The Post also reports “the detail occasionally popped into neighborhood businesses to avail themselves of the facilities.” [Washington Post]

Here’s what else is happening

  • A team of scientists from the World Health Organization arrived in Wuhan, China, to investigate the origins of the coronavirus. [NPR]
  • The Chicago Police Department suspended 17 officers and supervisors who were lounging in the burglarized office of U.S. Rep. Bobby Rush last summer, according to a police union. [Chicago Sun-Times]
  • A prominent national activist cheered on students at Northwestern University who are calling for the abolition of campus police. [WBEZ]
  • A cat believed to have been killed in a 2018 mudslide was found roaming the area where she disappeared. [NPR]

Oh, and one more thing …

It has been quite a week. So here’s some good news: A Tennessee lawmaker wants a statue of Dolly Parton added to the Capitol’s grounds in Nashville.

According to legislation filed yesterday by Democratic Rep. John Mark Windle, a state commission would solicit public input and create a plan for the statue, which would be paid for with grants and donations.

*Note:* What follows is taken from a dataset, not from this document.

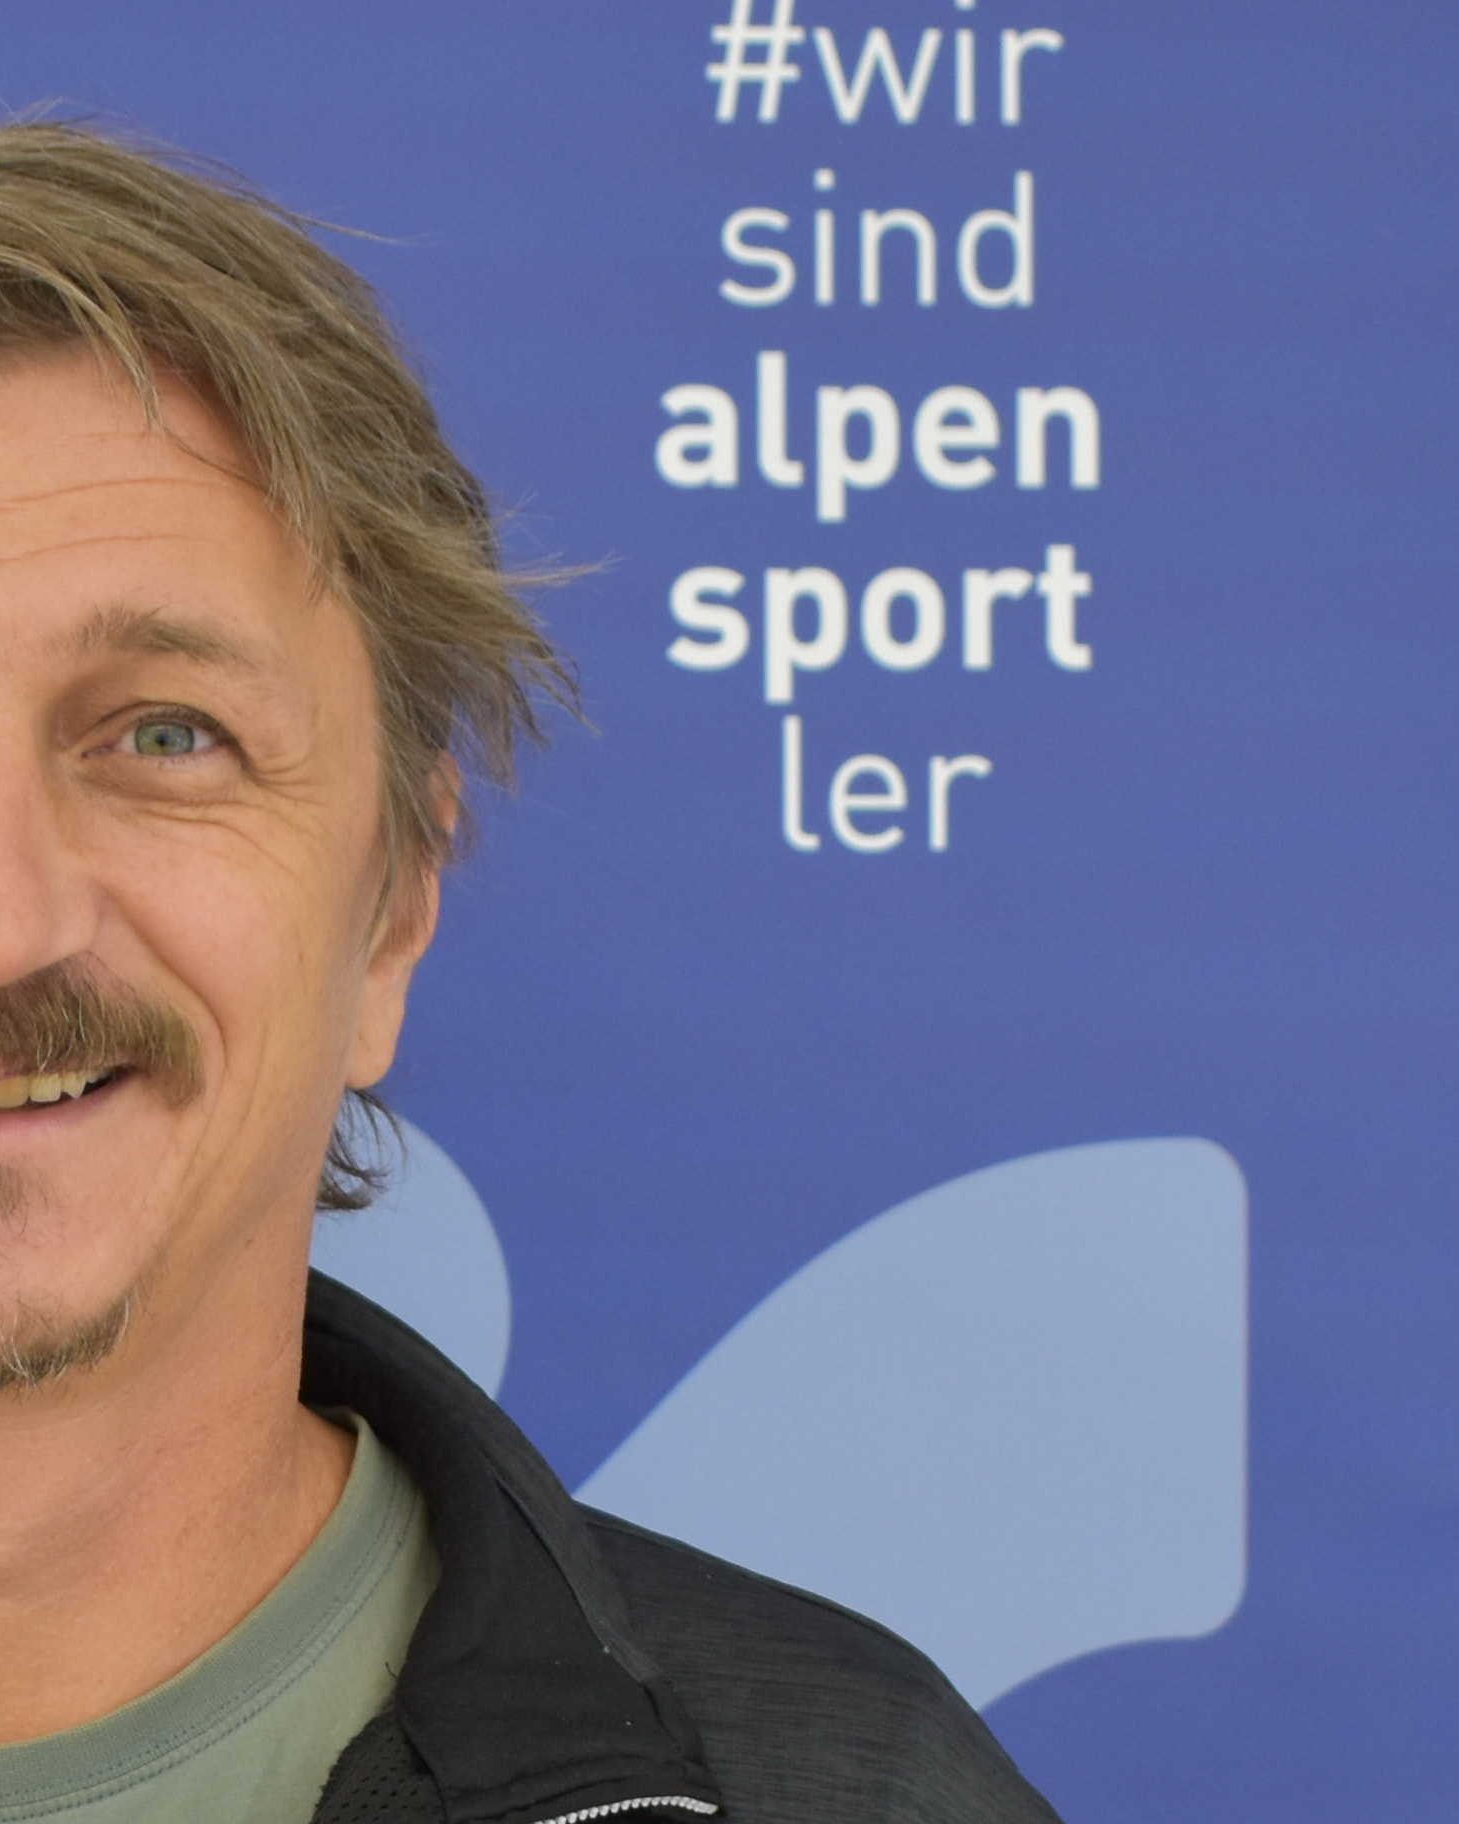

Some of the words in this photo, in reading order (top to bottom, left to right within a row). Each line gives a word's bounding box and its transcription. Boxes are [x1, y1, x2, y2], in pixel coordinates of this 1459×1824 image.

I don’t envy that commission because Parton has a ton of amazing country-glam looks. [Tennessean]

Tell me something good …

What’s your favorite comfort food to eat in the winter?

Steph Powers tweets:

“Winter means my husband can pull out the classics he does so well without fear of overheating the kitchen. Mac n cheese, pulled pork with roasted veggies, roasted whole chickens, stew, and of course, chili. It’s the most wonderful time of the year.”